**Exercise objective:** When you answer, restate the entries below without altering anything.

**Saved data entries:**
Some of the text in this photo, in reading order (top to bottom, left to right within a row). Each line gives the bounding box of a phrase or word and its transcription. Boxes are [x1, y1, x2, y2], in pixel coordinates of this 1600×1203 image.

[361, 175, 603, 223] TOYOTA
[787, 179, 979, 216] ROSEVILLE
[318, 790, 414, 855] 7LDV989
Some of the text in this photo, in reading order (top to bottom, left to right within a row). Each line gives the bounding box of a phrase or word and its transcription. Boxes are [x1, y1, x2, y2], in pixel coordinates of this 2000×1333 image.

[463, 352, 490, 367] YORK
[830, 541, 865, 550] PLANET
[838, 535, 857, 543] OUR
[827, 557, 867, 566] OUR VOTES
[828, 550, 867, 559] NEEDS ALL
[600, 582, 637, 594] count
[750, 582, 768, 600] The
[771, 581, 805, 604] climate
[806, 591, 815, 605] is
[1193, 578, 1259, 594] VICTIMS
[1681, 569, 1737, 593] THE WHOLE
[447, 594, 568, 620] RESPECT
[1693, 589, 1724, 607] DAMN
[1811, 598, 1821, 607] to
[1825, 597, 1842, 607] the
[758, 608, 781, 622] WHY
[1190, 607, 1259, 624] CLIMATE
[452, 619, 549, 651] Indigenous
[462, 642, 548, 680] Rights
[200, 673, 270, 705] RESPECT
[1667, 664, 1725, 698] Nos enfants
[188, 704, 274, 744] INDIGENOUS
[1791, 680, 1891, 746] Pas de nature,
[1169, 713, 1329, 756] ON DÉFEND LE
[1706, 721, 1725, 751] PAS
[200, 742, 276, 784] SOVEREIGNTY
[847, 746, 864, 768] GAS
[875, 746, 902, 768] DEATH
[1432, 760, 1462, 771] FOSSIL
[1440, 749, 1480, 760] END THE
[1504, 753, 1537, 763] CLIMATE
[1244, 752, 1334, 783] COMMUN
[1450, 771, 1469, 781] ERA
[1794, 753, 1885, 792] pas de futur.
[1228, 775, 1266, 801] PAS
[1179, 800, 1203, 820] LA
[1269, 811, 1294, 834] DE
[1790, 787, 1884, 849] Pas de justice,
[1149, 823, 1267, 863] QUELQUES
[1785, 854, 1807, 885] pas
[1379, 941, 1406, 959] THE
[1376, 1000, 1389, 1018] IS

**Reply:**
Some of the text in this photo, in reading order (top to bottom, left to right within a row). Each line gives the bounding box of a phrase or word and its transcription. Boxes are [x1, y1, x2, y2], in pixel coordinates of this 1600×1203 image.

[361, 175, 603, 223] TOYOTA
[787, 179, 979, 216] ROSEVILLE
[318, 790, 414, 855] 7LDV989
Some of the text in this photo, in reading order (top to bottom, left to right within a row). Each line gives the bounding box of a phrase or word and its transcription. Boxes are [x1, y1, x2, y2], in pixel coordinates of this 2000×1333 image.

[463, 352, 490, 367] YORK
[830, 541, 865, 550] PLANET
[838, 535, 857, 543] OUR
[827, 557, 867, 566] OUR VOTES
[828, 550, 867, 559] NEEDS ALL
[600, 582, 637, 594] count
[750, 582, 768, 600] The
[771, 581, 805, 604] climate
[806, 591, 815, 605] is
[1193, 578, 1259, 594] VICTIMS
[1681, 569, 1737, 593] THE WHOLE
[447, 594, 568, 620] RESPECT
[1693, 589, 1724, 607] DAMN
[1811, 598, 1821, 607] to
[1825, 597, 1842, 607] the
[758, 608, 781, 622] WHY
[1190, 607, 1259, 624] CLIMATE
[452, 619, 549, 651] Indigenous
[462, 642, 548, 680] Rights
[200, 673, 270, 705] RESPECT
[1667, 664, 1725, 698] Nos enfants
[188, 704, 274, 744] INDIGENOUS
[1791, 680, 1891, 746] Pas de nature,
[1169, 713, 1329, 756] ON DÉFEND LE
[1706, 721, 1725, 751] PAS
[200, 742, 276, 784] SOVEREIGNTY
[847, 746, 864, 768] GAS
[875, 746, 902, 768] DEATH
[1432, 760, 1462, 771] FOSSIL
[1440, 749, 1480, 760] END THE
[1504, 753, 1537, 763] CLIMATE
[1244, 752, 1334, 783] COMMUN
[1450, 771, 1469, 781] ERA
[1794, 753, 1885, 792] pas de futur.
[1228, 775, 1266, 801] PAS
[1179, 800, 1203, 820] LA
[1269, 811, 1294, 834] DE
[1790, 787, 1884, 849] Pas de justice,
[1149, 823, 1267, 863] QUELQUES
[1785, 854, 1807, 885] pas
[1379, 941, 1406, 959] THE
[1376, 1000, 1389, 1018] IS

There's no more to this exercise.